§ **ASSIGNMENT**: Scan the records for the line containing "this 1600×2133 image.". From there through the last line, write out each line exactly.

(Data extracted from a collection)
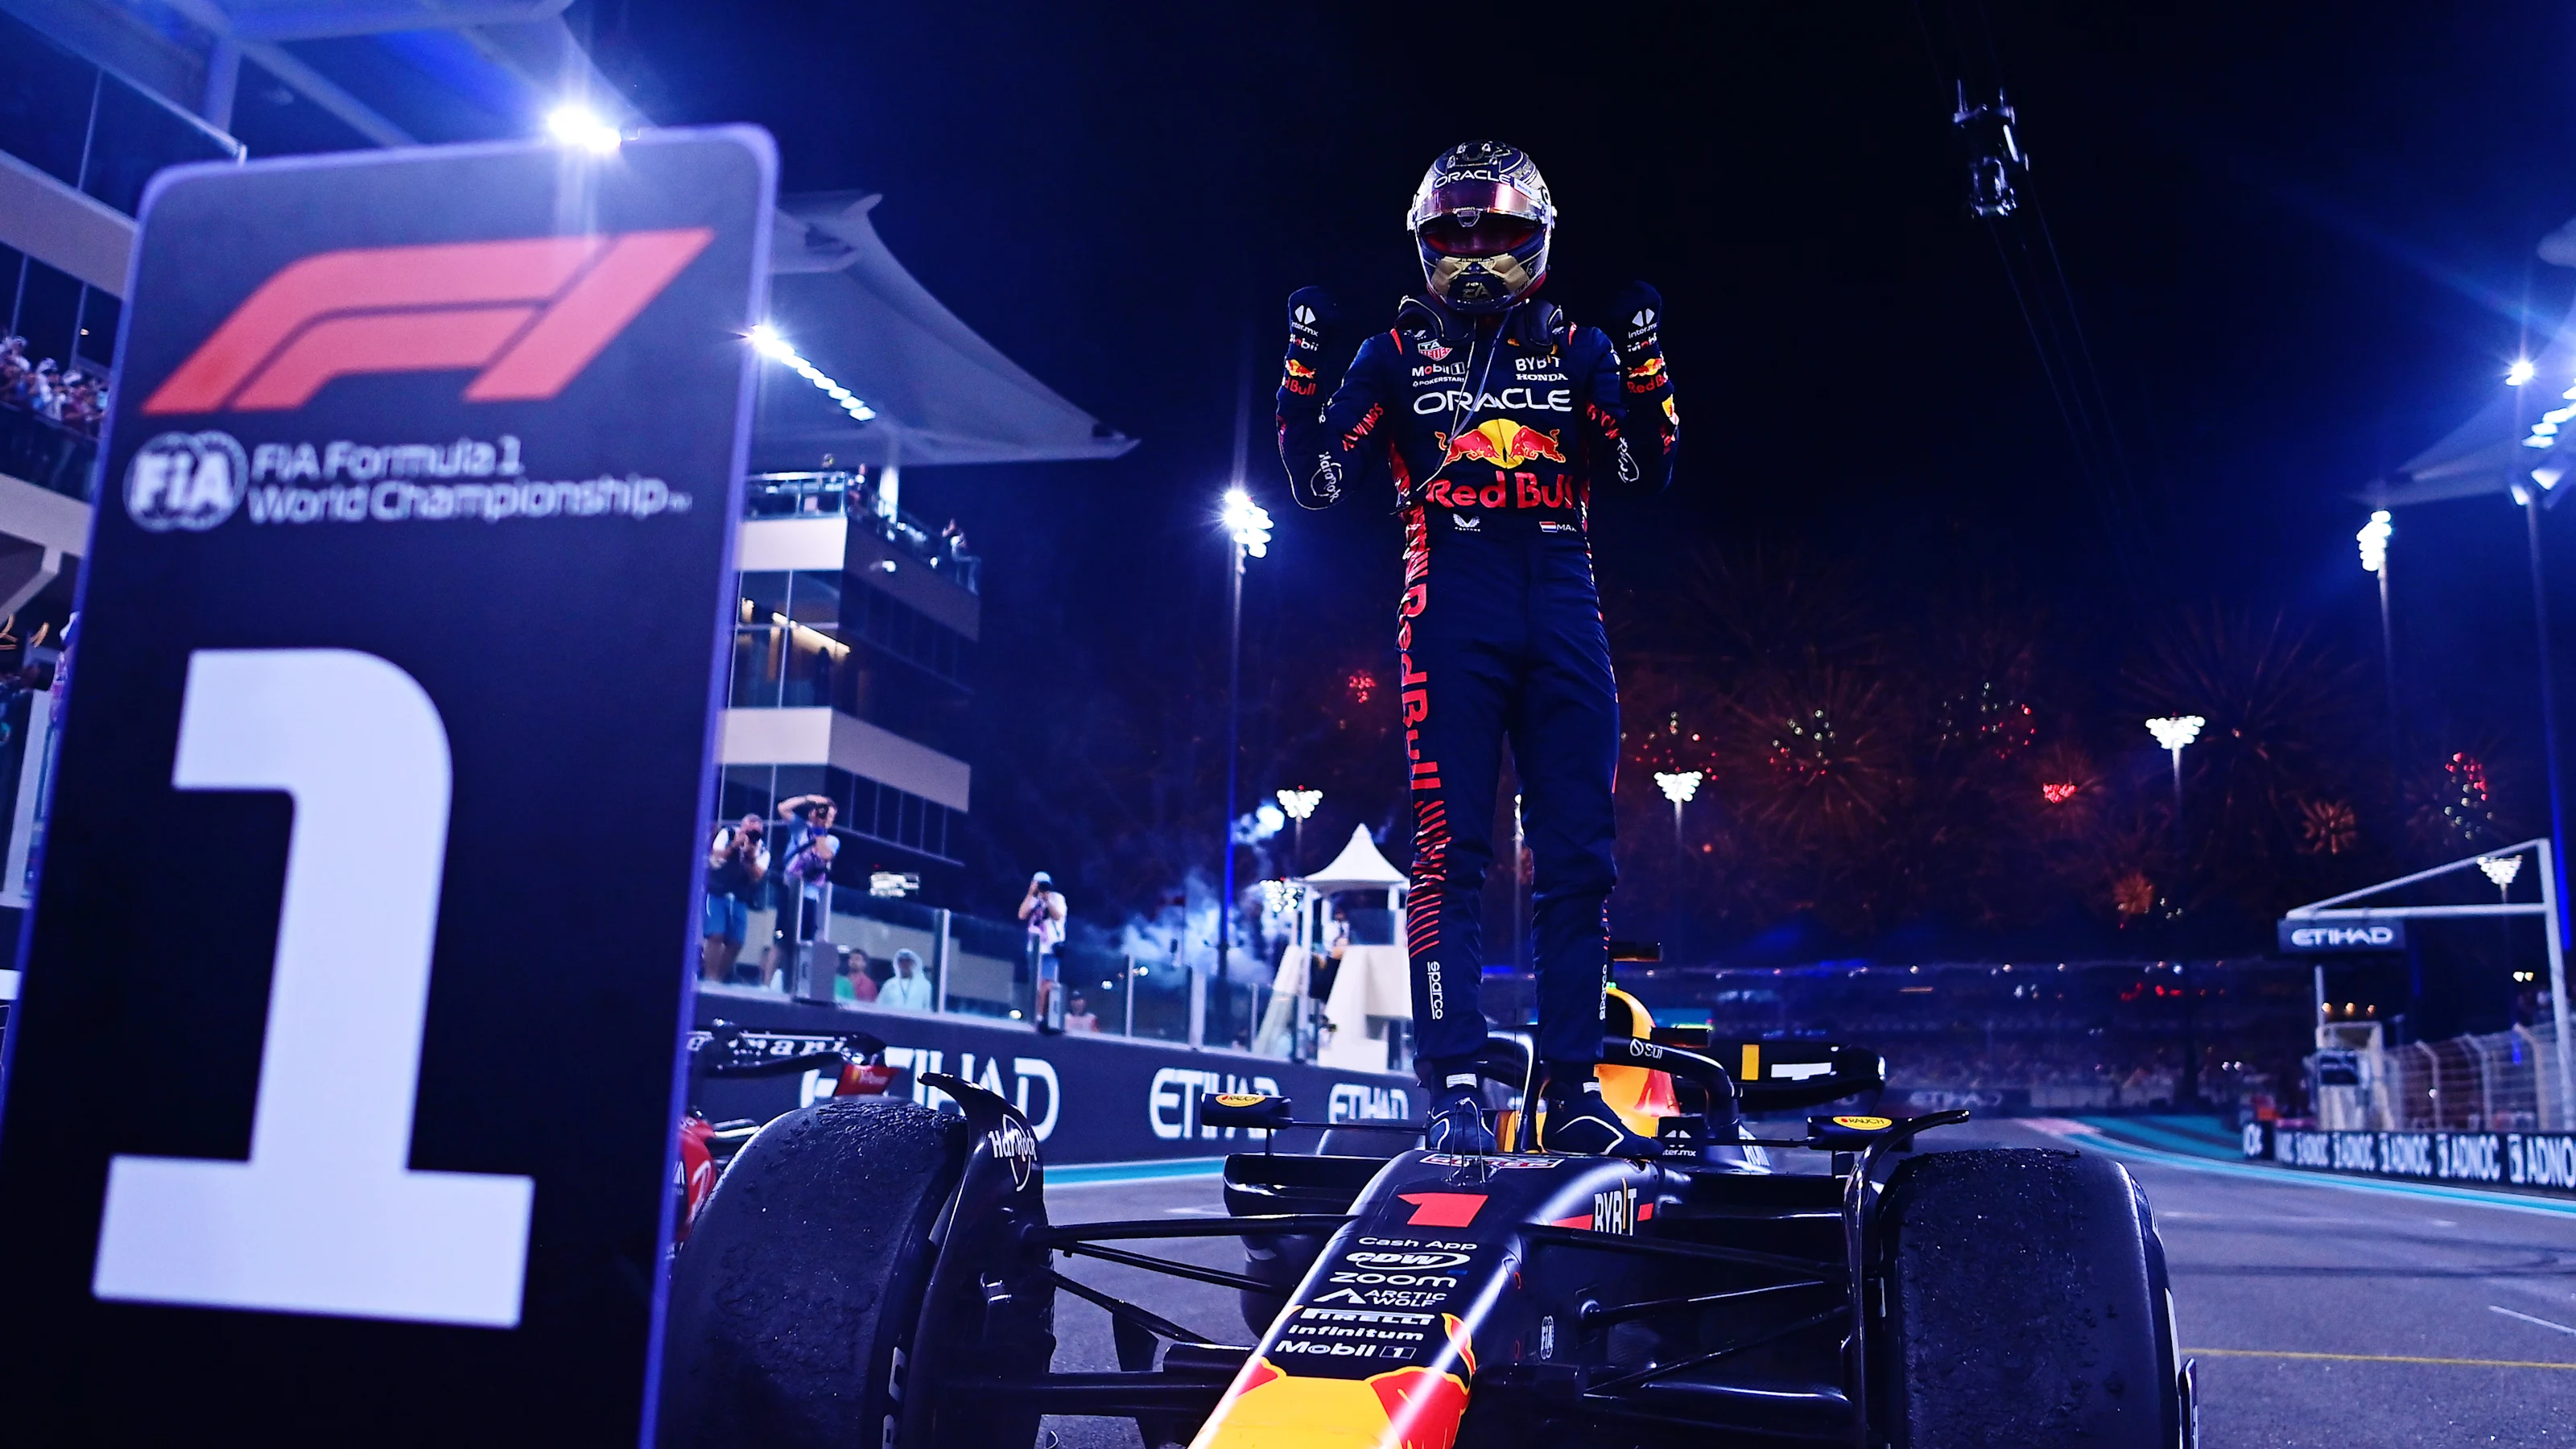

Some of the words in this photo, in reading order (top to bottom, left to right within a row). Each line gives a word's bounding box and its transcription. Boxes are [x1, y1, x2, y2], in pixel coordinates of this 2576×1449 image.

[1434, 169, 1511, 188] ORACLE
[1411, 363, 1450, 377] Mobil
[1515, 355, 1562, 371] BYBIT
[1515, 373, 1569, 382] HONDA
[1413, 388, 1573, 415] ORACLE
[250, 442, 321, 482] FIA
[324, 439, 497, 481] Formula
[496, 433, 524, 476] 1
[1425, 471, 1506, 509] Red
[1515, 472, 1574, 509] Bull
[246, 483, 369, 524] World
[1402, 689, 1442, 790] Bull
[2290, 927, 2393, 947] ETIHAD
[91, 647, 535, 1330] 1
[1427, 961, 1443, 1020] sparco
[1599, 964, 1608, 1021] sparco
[1645, 1043, 1663, 1059] Sui
[1662, 1149, 1696, 1158] ter.mx
[2450, 1133, 2501, 1182] ADNOC
[2526, 1135, 2576, 1190] ADNO
[1397, 1192, 1488, 1228] 1
[1358, 1236, 1419, 1248] Cash
[1425, 1240, 1478, 1251] App
[1346, 1252, 1444, 1265] CDW
[1364, 1289, 1447, 1301] ARCTIC
[1373, 1296, 1436, 1307] WOLF
[1299, 1307, 1435, 1325] PIRELLI
[1287, 1324, 1424, 1340] infinitum
[1274, 1340, 1377, 1357] Mobil
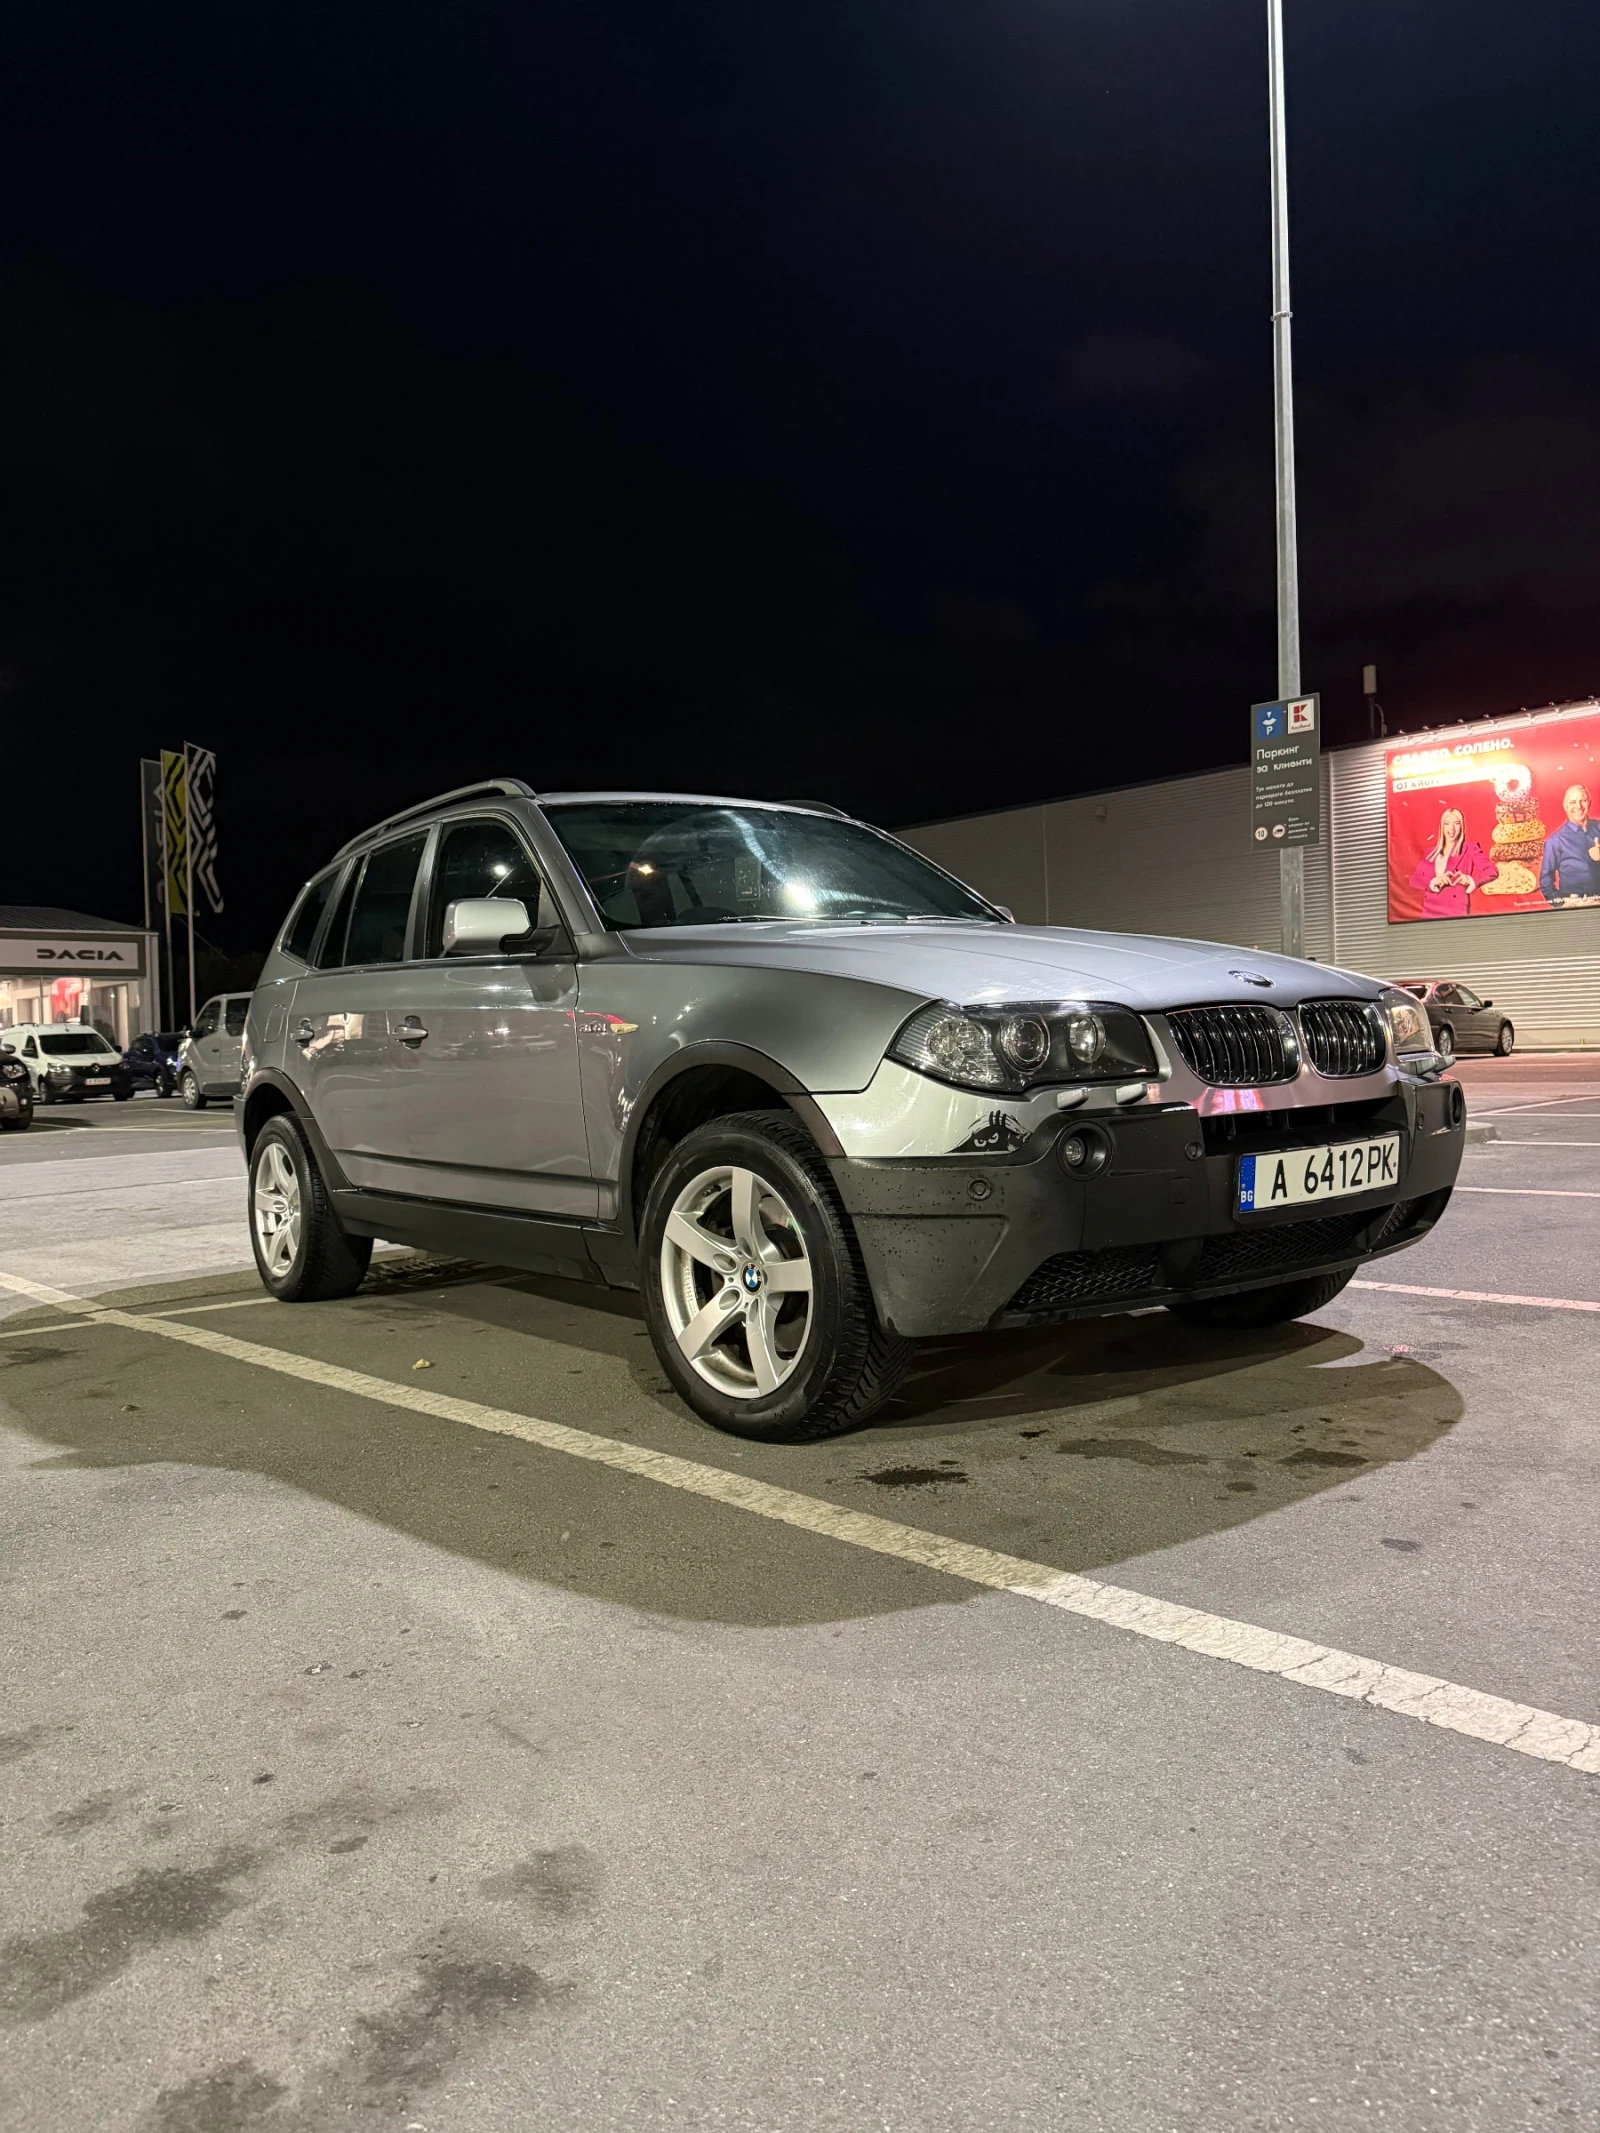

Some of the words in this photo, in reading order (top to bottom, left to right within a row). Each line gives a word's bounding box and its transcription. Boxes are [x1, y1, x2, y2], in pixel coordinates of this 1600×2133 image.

[1266, 726, 1273, 735] P
[1256, 745, 1299, 760] Паркинг
[1454, 738, 1514, 756] СОЛЕНО.
[1256, 765, 1268, 773] за
[1257, 830, 1265, 838] 10
[36, 948, 124, 961] DACIA
[1271, 1159, 1288, 1200] A
[1240, 1190, 1254, 1203] BG

§ **YOUR SOLUTION**:
Some of the words in this photo, in reading order (top to bottom, left to right within a row). Each line gives a word's bounding box and its transcription. Boxes are [x1, y1, x2, y2], in pixel coordinates of this 1600×2133 image.

[1266, 726, 1273, 735] P
[1256, 745, 1299, 760] Паркинг
[1454, 738, 1514, 756] СОЛЕНО.
[1256, 765, 1268, 773] за
[1257, 830, 1265, 838] 10
[36, 948, 124, 961] DACIA
[1271, 1159, 1288, 1200] A
[1240, 1190, 1254, 1203] BG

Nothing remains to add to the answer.